In Deutschland schaukelt sich derzeit eine neue Russland-Debatte hoch – in der beide Seiten übertriebene emotionale Akzente setzen. In der Union sind viele unterwegs, die am liebsten schon wieder neue Sanktionen gegen Russland verhängen würden angesichts des mutmaßlichen Auftragsmords an einem Georgier im Berliner Tiergarten. In der SPD wiederum würden viele gern die Sanktionen gegen Russland schon mal aufheben in der schlichten Hoffnung auf bessere Zeiten – ohne dass Russland auf dem Weg zur Umsetzung des Minsker Friedensabkommens für die Ukraine einen neuen Schritt macht.

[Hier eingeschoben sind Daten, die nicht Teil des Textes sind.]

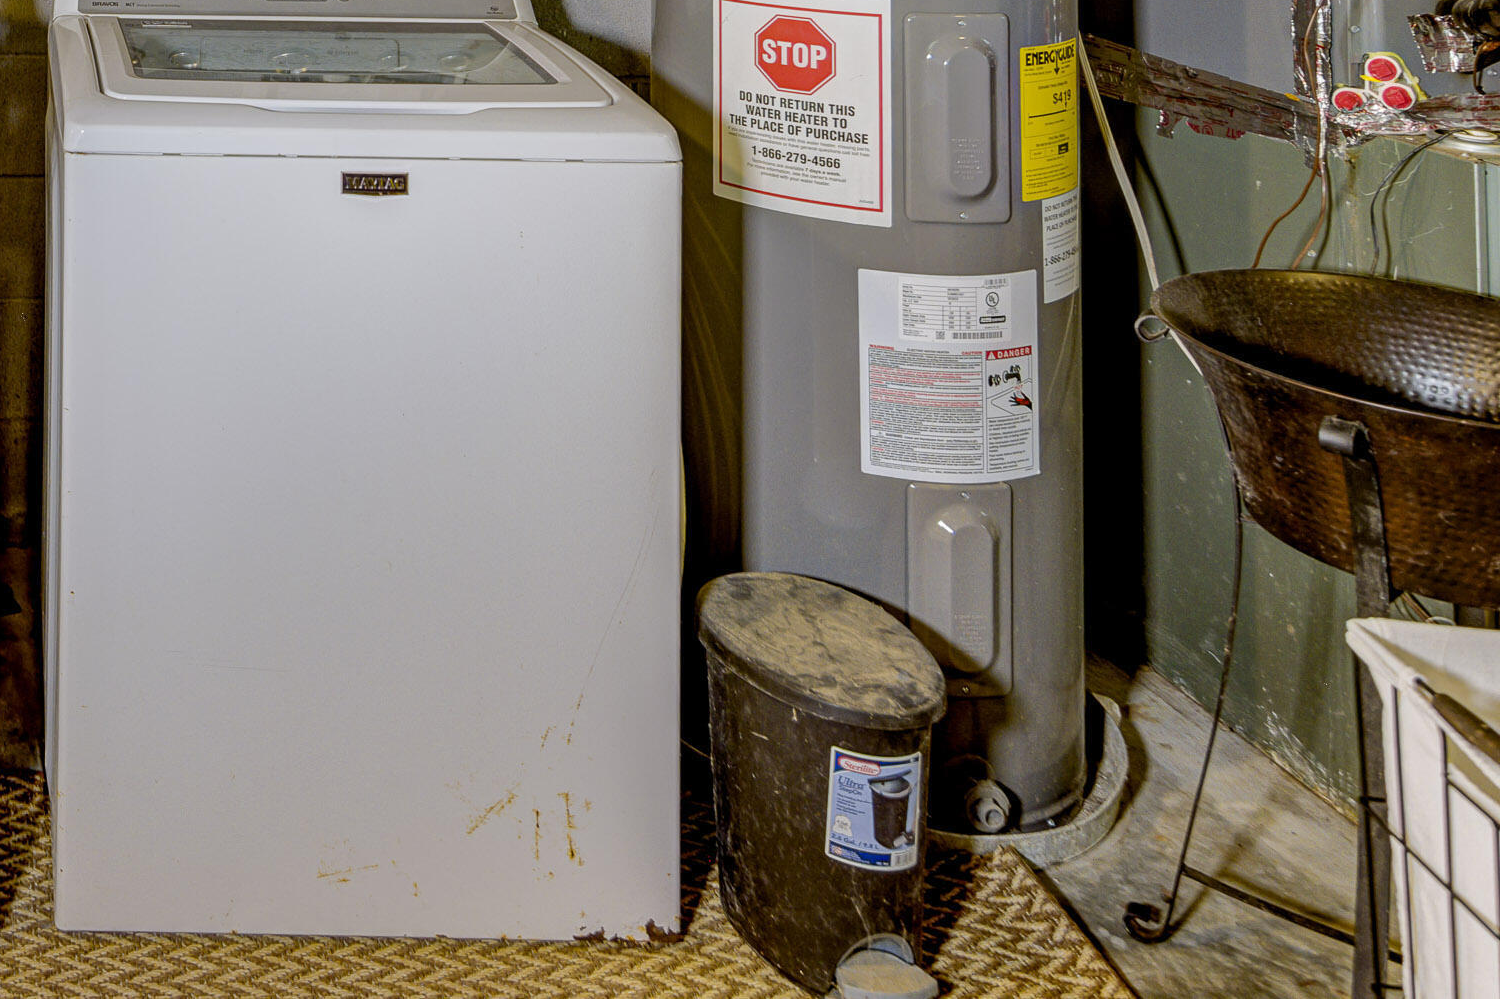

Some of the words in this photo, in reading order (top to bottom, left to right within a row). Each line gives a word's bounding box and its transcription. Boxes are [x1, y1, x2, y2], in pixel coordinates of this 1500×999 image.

Die Kanzlerin ist gut beraten, diesen voreiligen Impulsen nicht nachzugeben, weder in der einen noch in der anderen Richtung. Außenpolitik muss rational bleiben. Dazu gehört es, die über den Tag hinaus bestehenden Interessen der beteiligten Nationen und Völker klug zu sortieren. Merkel hat Übung darin, auch eine für den Laien oft schwer nachvollziehbare Mehrdimensionalität der Beziehungen zuzulassen. So bekam sie es hin, in der Sanktionsfrage eine härtere Linie als andere EU-Staaten zu fahren – zugleich aber einen besseren Gesprächsfaden zu Putin zu behalten als andere. Barack Obama hatte als US-Präsident einen klaren Blick für diese Auffälligkeit und bat die deutsche Kanzlerin um eine Art Regie bei den Bemühungen um einen Ukraine-Frieden.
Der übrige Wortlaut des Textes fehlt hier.